■ WHAT IS REQUIRED:
A word-for-word repeat of the records below is what this calls for.

■ RECORDS SUPPLIED:
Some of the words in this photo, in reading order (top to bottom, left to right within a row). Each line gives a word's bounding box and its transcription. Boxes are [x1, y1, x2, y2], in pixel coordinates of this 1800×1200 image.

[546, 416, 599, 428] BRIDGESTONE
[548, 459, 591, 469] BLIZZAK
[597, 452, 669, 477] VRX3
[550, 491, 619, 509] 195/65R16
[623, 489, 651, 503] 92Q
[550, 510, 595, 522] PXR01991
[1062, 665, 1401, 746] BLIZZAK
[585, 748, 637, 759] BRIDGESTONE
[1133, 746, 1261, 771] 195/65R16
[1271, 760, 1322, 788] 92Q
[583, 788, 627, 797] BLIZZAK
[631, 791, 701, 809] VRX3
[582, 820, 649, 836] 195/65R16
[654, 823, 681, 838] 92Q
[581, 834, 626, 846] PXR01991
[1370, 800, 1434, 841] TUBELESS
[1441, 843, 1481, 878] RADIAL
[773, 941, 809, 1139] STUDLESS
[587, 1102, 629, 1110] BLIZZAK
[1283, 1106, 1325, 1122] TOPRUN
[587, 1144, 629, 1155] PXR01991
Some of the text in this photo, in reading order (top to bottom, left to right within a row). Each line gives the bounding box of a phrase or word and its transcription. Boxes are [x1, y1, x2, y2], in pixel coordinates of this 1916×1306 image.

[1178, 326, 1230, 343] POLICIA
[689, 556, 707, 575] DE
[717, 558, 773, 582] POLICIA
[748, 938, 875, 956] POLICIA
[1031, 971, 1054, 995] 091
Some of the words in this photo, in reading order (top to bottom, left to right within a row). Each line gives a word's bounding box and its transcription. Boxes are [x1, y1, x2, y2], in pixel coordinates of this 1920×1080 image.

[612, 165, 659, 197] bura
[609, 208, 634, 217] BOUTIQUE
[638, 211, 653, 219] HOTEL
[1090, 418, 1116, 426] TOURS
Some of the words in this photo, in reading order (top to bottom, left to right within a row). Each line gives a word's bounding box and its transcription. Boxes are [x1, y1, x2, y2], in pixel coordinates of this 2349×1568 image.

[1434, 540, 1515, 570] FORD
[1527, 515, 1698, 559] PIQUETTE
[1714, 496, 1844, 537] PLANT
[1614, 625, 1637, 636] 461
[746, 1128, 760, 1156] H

■ ANSWER TO THIS PROBLEM:
Some of the words in this photo, in reading order (top to bottom, left to right within a row). Each line gives a word's bounding box and its transcription. Boxes are [x1, y1, x2, y2], in pixel coordinates of this 1800×1200 image.

[546, 416, 599, 428] BRIDGESTONE
[548, 459, 591, 469] BLIZZAK
[597, 452, 669, 477] VRX3
[550, 491, 619, 509] 195/65R16
[623, 489, 651, 503] 92Q
[550, 510, 595, 522] PXR01991
[1062, 665, 1401, 746] BLIZZAK
[585, 748, 637, 759] BRIDGESTONE
[1133, 746, 1261, 771] 195/65R16
[1271, 760, 1322, 788] 92Q
[583, 788, 627, 797] BLIZZAK
[631, 791, 701, 809] VRX3
[582, 820, 649, 836] 195/65R16
[654, 823, 681, 838] 92Q
[581, 834, 626, 846] PXR01991
[1370, 800, 1434, 841] TUBELESS
[1441, 843, 1481, 878] RADIAL
[773, 941, 809, 1139] STUDLESS
[587, 1102, 629, 1110] BLIZZAK
[1283, 1106, 1325, 1122] TOPRUN
[587, 1144, 629, 1155] PXR01991
Some of the text in this photo, in reading order (top to bottom, left to right within a row). Each line gives the bounding box of a phrase or word and its transcription. Boxes are [x1, y1, x2, y2], in pixel coordinates of this 1916×1306 image.

[1178, 326, 1230, 343] POLICIA
[689, 556, 707, 575] DE
[717, 558, 773, 582] POLICIA
[748, 938, 875, 956] POLICIA
[1031, 971, 1054, 995] 091
Some of the words in this photo, in reading order (top to bottom, left to right within a row). Each line gives a word's bounding box and its transcription. Boxes are [x1, y1, x2, y2], in pixel coordinates of this 1920×1080 image.

[612, 165, 659, 197] bura
[609, 208, 634, 217] BOUTIQUE
[638, 211, 653, 219] HOTEL
[1090, 418, 1116, 426] TOURS
Some of the words in this photo, in reading order (top to bottom, left to right within a row). Each line gives a word's bounding box and its transcription. Boxes are [x1, y1, x2, y2], in pixel coordinates of this 2349×1568 image.

[1434, 540, 1515, 570] FORD
[1527, 515, 1698, 559] PIQUETTE
[1714, 496, 1844, 537] PLANT
[1614, 625, 1637, 636] 461
[746, 1128, 760, 1156] H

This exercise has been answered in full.